1 From Socialist to Liberal Utopia: Changes in Poland’s Social Policy since 1989

Józefina Hrynkiewicz

Polish Social Policy 1945-89 - The Utopia of Socialism

After 1945, Polish social policy took its inspiration from the communist social utopia where everyone is entitled to everything and the state is the exclusive distributor of goods and services in accordance with needs of citizens. Equality, elevated to the status of a constitutional principle, was the basic expressed value of social policy. The 1952 Constitution guaranteed everyone equal access to all goods and services and obliged the state to provide them as needed. This concept of social policy defines the state as a philanthropist with unlimited ability to meet constantly growing needs.
The implementation of this principle was obviously impossible. The obligations contained in the Constitution could not be fulfilled even by the richest country. From 1945-89, the ideal was acknowledged but its full implementation was postponed into an indefinite future. In the meantime, access to social goods was distributed in relation to the value attached to different groups within the society.1 In principle, everyone was entitled to everything: in practice, those who were thought to be most important for the preservation of the communist political and economic order had priority claims on goods and services.

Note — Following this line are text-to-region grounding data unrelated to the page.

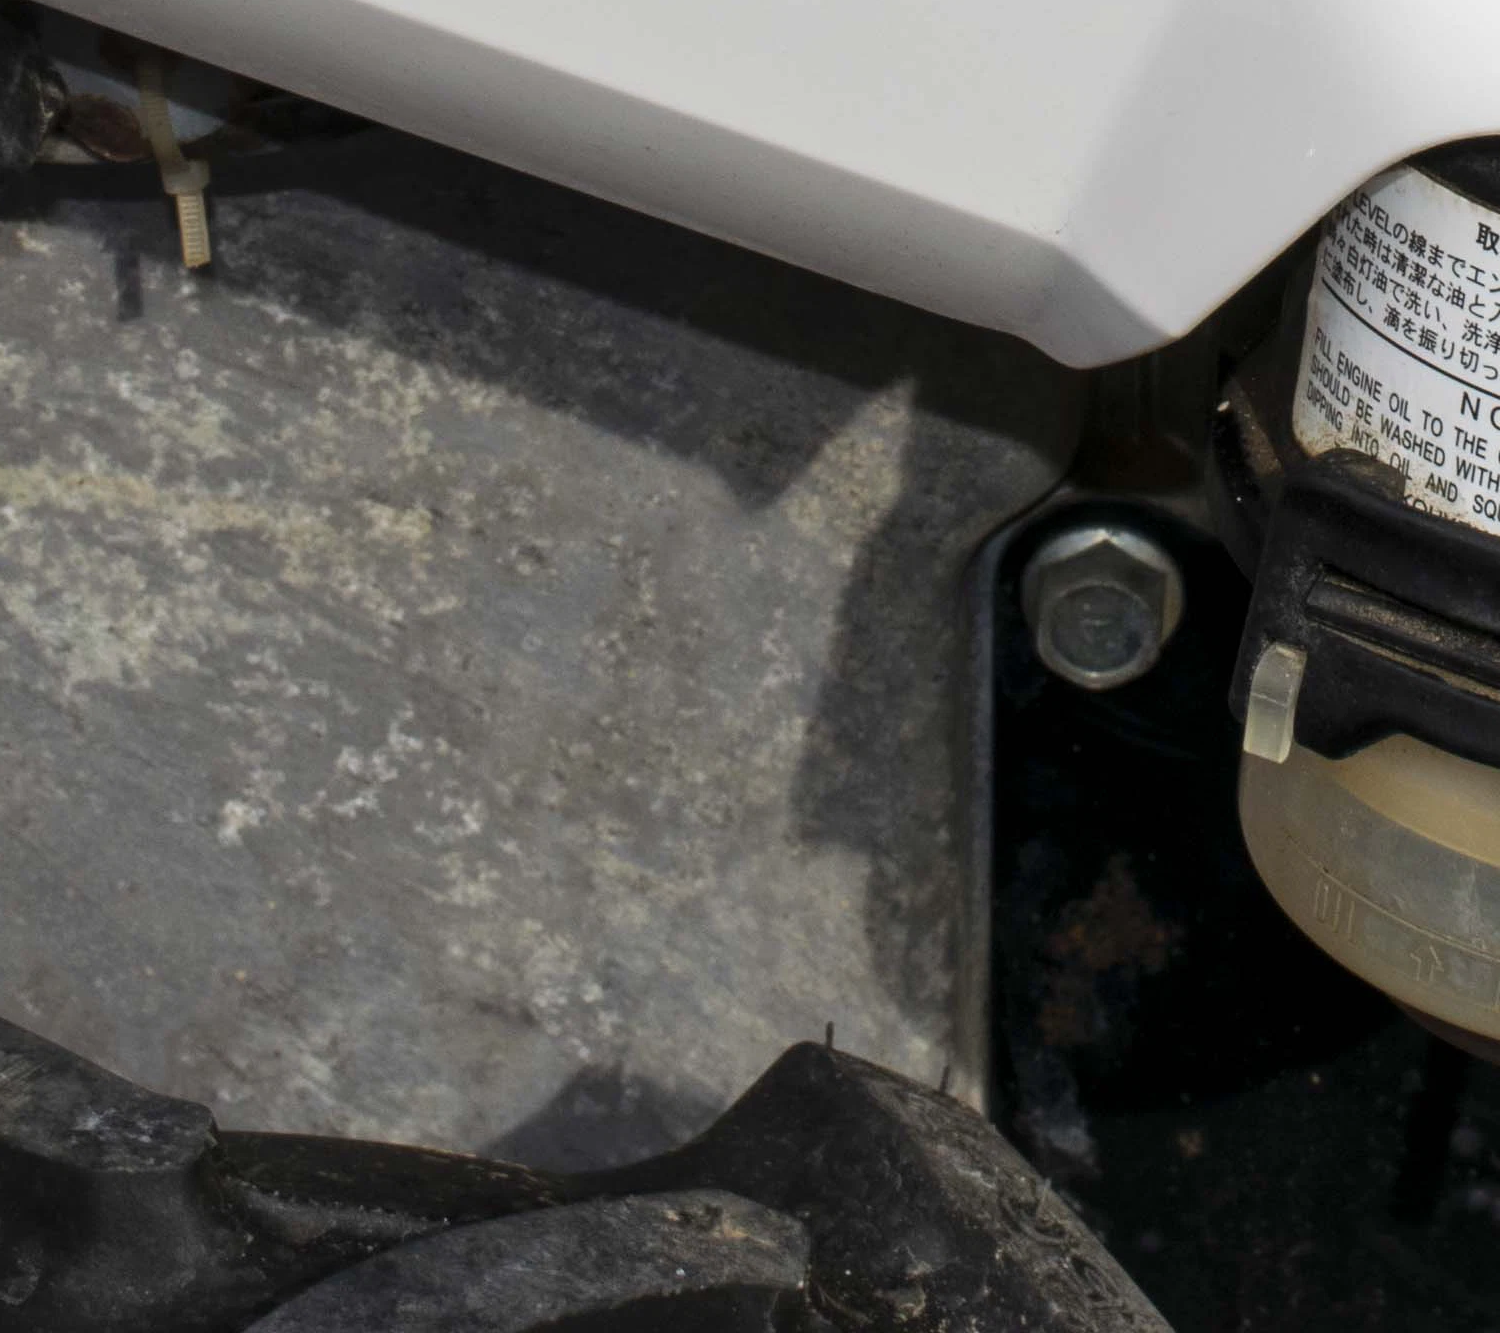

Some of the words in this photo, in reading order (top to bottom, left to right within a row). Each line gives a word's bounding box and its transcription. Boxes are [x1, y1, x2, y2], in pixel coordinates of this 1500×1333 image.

[1306, 380, 1343, 433] DIPPING
[1351, 424, 1379, 459] INTO
[1389, 452, 1412, 481] OIL
[1425, 473, 1458, 503] AND
[1310, 355, 1350, 407] SHOULD
[1355, 398, 1373, 425] BE
[1380, 414, 1445, 467] WASHED
[1455, 456, 1500, 493] WITH
[1315, 327, 1333, 363] FILL
[1337, 351, 1382, 402] ENGINE
[1389, 393, 1411, 422] OIL
[1422, 410, 1443, 437] TO
[1454, 427, 1487, 459] THE

The result was the development of a culture where it was assumed that the state gave everything, including a job, income, vacations, education, lodging, retirement pensions, benefits, scholarships, cheap books, medical care, etc. The state decided arbitrarily about what and how much, when and under which conditions it might give. Thereby, the state controlled citizens, since it not only decided the principles of distribution, but itself carried them out. The control of citizens went even deeper, as most goods and services were available almost exclusively within the state controlled (rationed) distribution system. During the 1980s (the years of martial law and after) strict control was imposed upon distribution of all goods (ā€˜coupon sale’).

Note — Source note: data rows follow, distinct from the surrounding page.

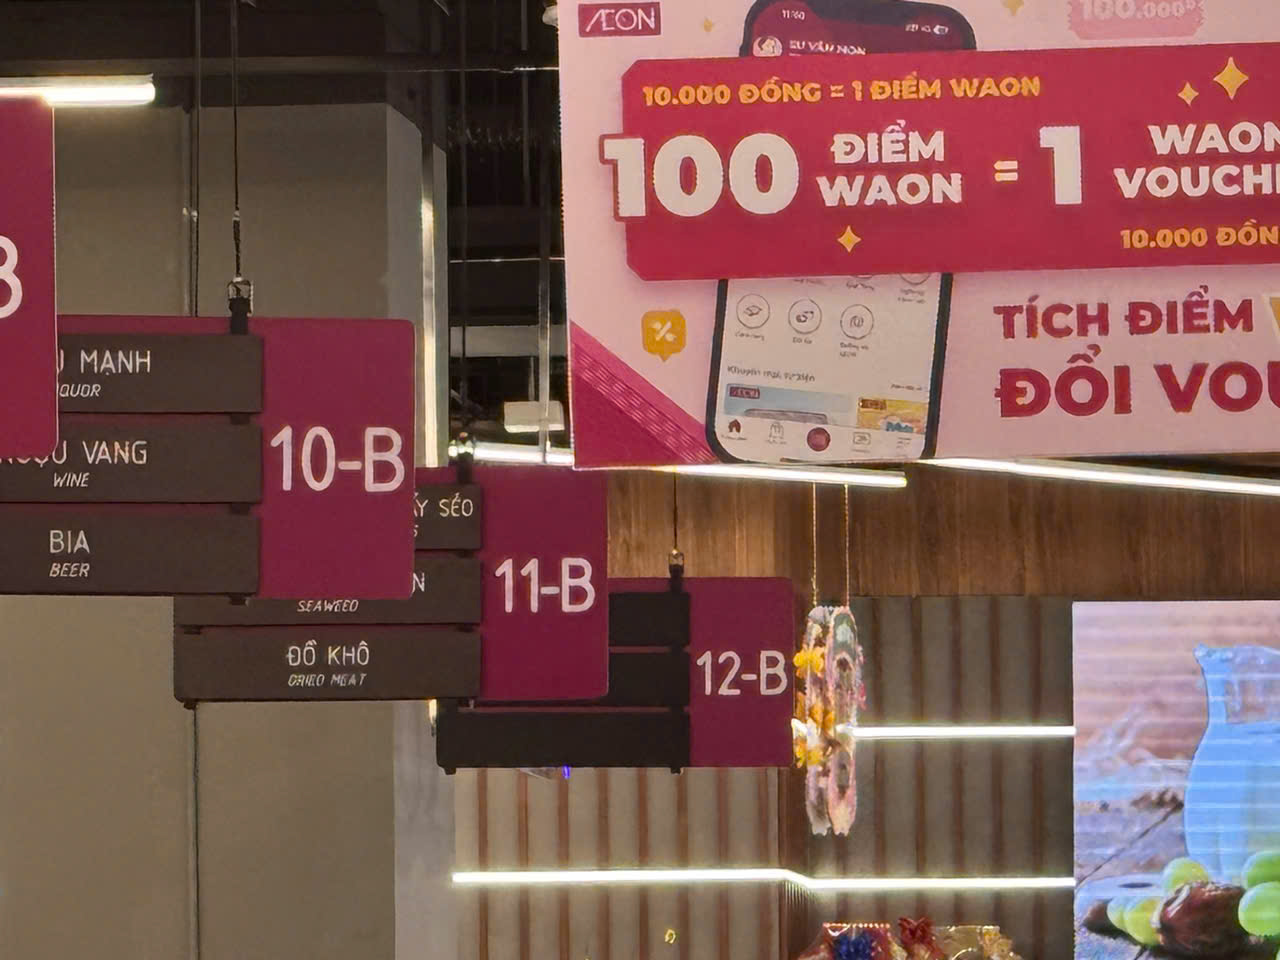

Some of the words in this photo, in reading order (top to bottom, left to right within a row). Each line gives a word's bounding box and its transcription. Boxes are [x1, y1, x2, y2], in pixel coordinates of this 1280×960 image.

[641, 84, 731, 106] 10.000
[852, 82, 862, 102] 1
[950, 76, 1041, 99] WAON
[831, 119, 945, 164] ĐIỂM
[603, 132, 800, 217] 100
[994, 160, 1019, 181] =
[1039, 125, 1082, 205] 1
[816, 172, 963, 206] WAON
[1120, 227, 1208, 249] 10.000
[993, 294, 1109, 340] TÍCH
[1124, 285, 1254, 335] ĐIỂM
[80, 350, 151, 376] MẠNH
[59, 384, 102, 398] QUOR
[994, 343, 1131, 417] ĐỔI
[82, 440, 148, 465] VANG
[270, 426, 405, 492] 10-B
[53, 472, 90, 487] WINE
[49, 530, 91, 554] BIA
[49, 563, 91, 578] BEER
[495, 557, 596, 613] 11-B
[297, 599, 359, 612] SEAWEED
[286, 639, 318, 666] ĐỒ
[327, 640, 370, 666] KHÔ
[330, 673, 367, 687] MEAT
[696, 649, 788, 697] 12-B

Access to goods and services was closely connected to employment, since work was not only a right, but also an obligation of a citizen. Apart from their economic or administrative functions, state workplaces - the only kind which existed - organized social services and distributed social goods and benefits. They built houses and allocated them; organized, and controlled access to, vacation facilities for employees and their families. They built stadiums and physical recreation centres (sports fields and halls) and organized services in the fields of health protection and care, education and child care, recreation, leisure, and culture. They engaged themselves in social welfare activities. Workplaces shared out the most desired goods and services, which were permanently in short supply - dwellings, cars, household equipment, opportunities for tourism and so on. This mechanism for distribution was essential, since wages were low and the production or supply of all goods and services was nationalized. For more than 45 years wages were merely a supplement to goods, benefits and social services allocated by the state. A long-term low-wage policy tied the living standards of citizens to the benefits allocated by the state and deprived them of any opportunity to prosper from their own activity, far-sightedness and providence. It also denied them responsibility for their own social security and well-being.
In its programmatic statements, the state repeatedly declared its commitment to satisfying the increasing needs of employees and their families. It was the state’s role to decide which needs were important, which were growing faster (or slower) and whose needs, when and to what extent, should be satisfied. Workplaces and sectors of the economy which were of particular significance to the state were given numerous privileges. These included relatively high wages, easier access to rationed goods and services, longer vacations and retirement privileges (shorter contribution periods and supplements to retirement pensions).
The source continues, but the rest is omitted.